Your husband was not sectioned for fun. He was sectioned for a reason and there is no way you could have prevented this. Even so I know how upsetting it is but it is not your fault.
 

Scarlett123

Registered User
Apr 30, 2013
3,802
Essex
Hi Fifon, and I'm so sorry that you're going through such a lousy time. I haven't ever read on TP that a carer skipped happily away, after their decision for their other half to have permanent care - I certainly didn't.

We all try/tried to do our best, under circumstances that folk in the Ordinary World, where they are not caring for someone with AD, could never imagine. We all feel/felt guilty, though there is no earthly reason why we should, but that's the way it is.

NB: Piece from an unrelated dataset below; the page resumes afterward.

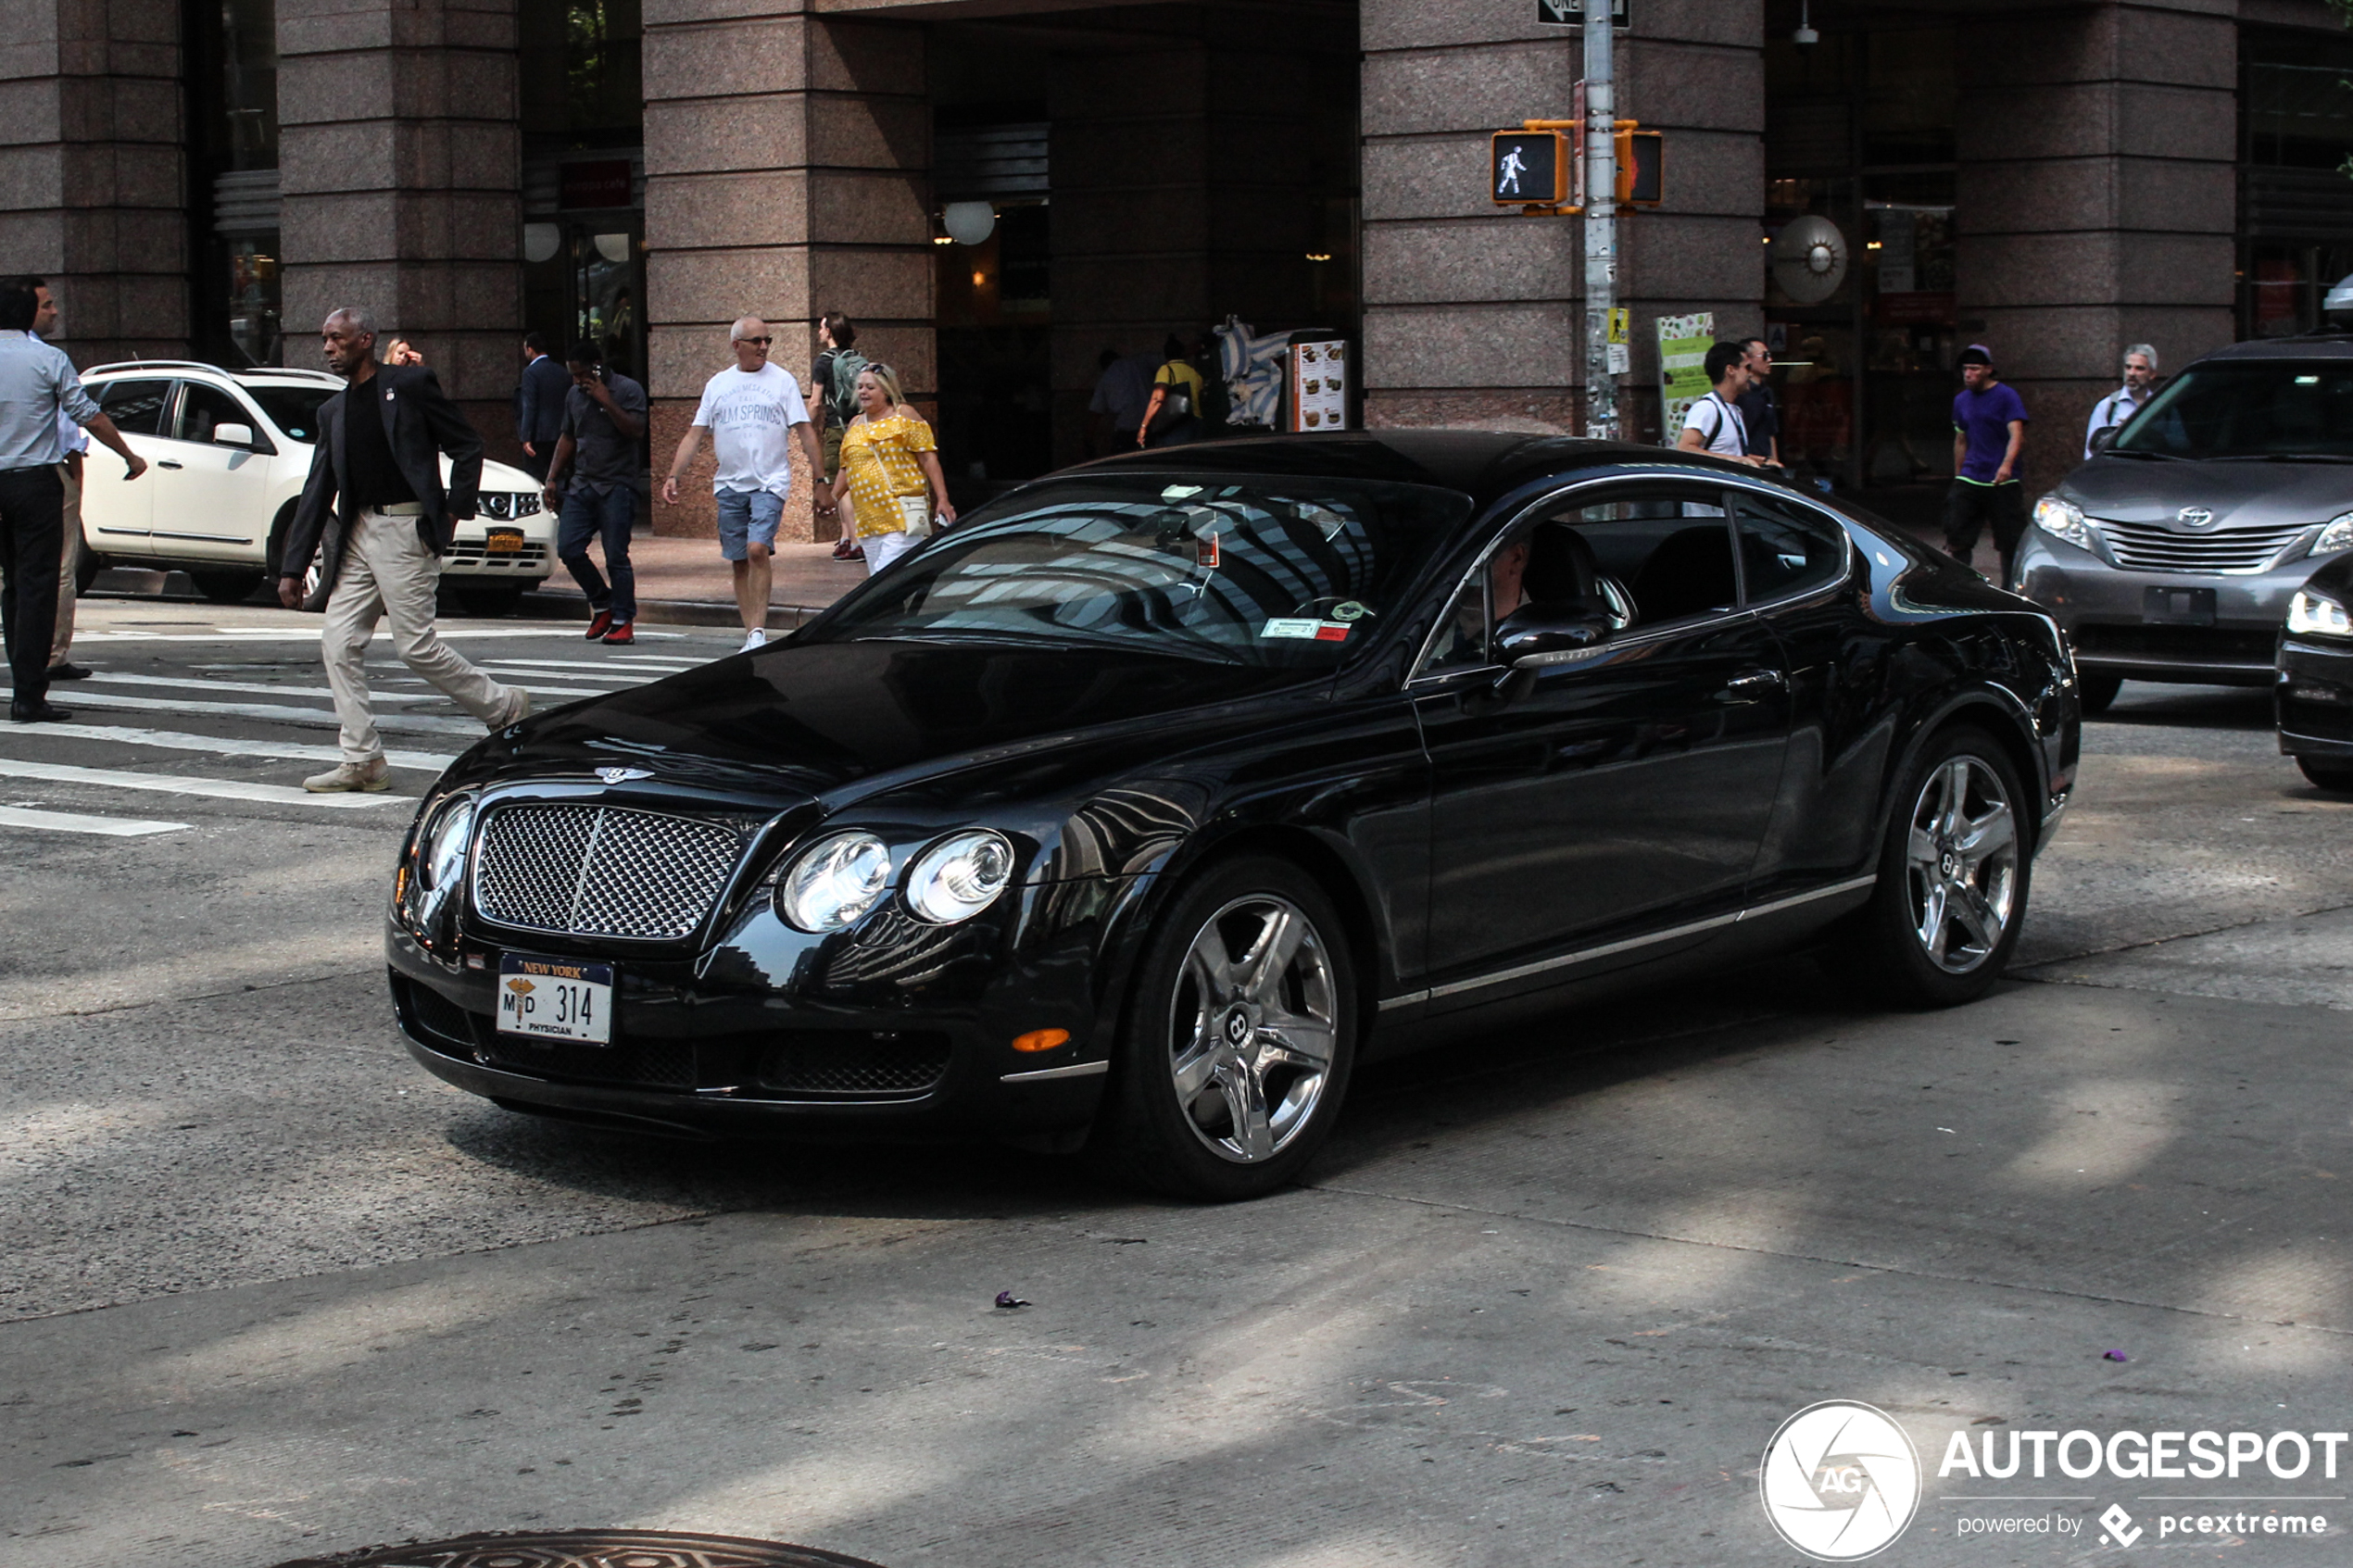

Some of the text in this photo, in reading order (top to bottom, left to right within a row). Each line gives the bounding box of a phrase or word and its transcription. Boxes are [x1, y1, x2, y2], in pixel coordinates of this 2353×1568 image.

As others have said, most people are hanging on by a thread, and not coping beautifully, because none of us ever envisaged how challenging things would be, caring for someone with AD. Especially when most of us are hardly Spring Chickens ourselves. xxx
 

Fifon

Registered User
Aug 8, 2015
23
Thankyou

Thanks everyone for your supportive comments. It's a beautiful morning today and with things to do to exercise my mind that will also help. I guess time will be the healer. Meantime it's good to know others have walked or are walking the same road, who one can share with. Again, thanks.
 

Aisling

Registered User
Dec 5, 2015
1,806
Ireland
My OH with Alzheimer's was eventually admitted to hospital under section 2 at end of January, as I was finding it impossible to cope. I was suffering acute sciatica at the time which I feel contributed to it. He has now been sectioned under section 3 as hospital are still trying to 'cure' his challenging behaviour. Today when I visited he was again asleep, he has got swollen legs and feet (didn't have these when he went in) and when my friend and I tried to wake him and help him sit up he was holding his head and almost crying out with pain when we tried to move him. He had been found on the floor at 2am a few days previously though hadn't hurt himself and he seems to be turning his nights into days and vice versa. Eventually he did sit up, shuffled off to the toilet, and then sat and had coffee and a Mars bar with us. Hardly any conversation, eye contact etc. I feel now that I betrayed him and seeing him like he is it must seem to him to be his worst nightmare come true. Friends and family say I did the right thing but sitting at home alone it feels that I let him go too easily and should have been stronger. How have others coped with this?
Please, please try Not to feel quilty. It is difficult, so difficult. You have NOT betrayed him. Wish I could give you a drink of your choice right now.

I believe only carers really know the heartache and it is awful.

Can you see stars tonight? If you can, please go to your door now, look at the stars... The lights around them are blessings that I am sending to you and peace to your mind.

Know that you are doing your best.

Try please to take care of yourself.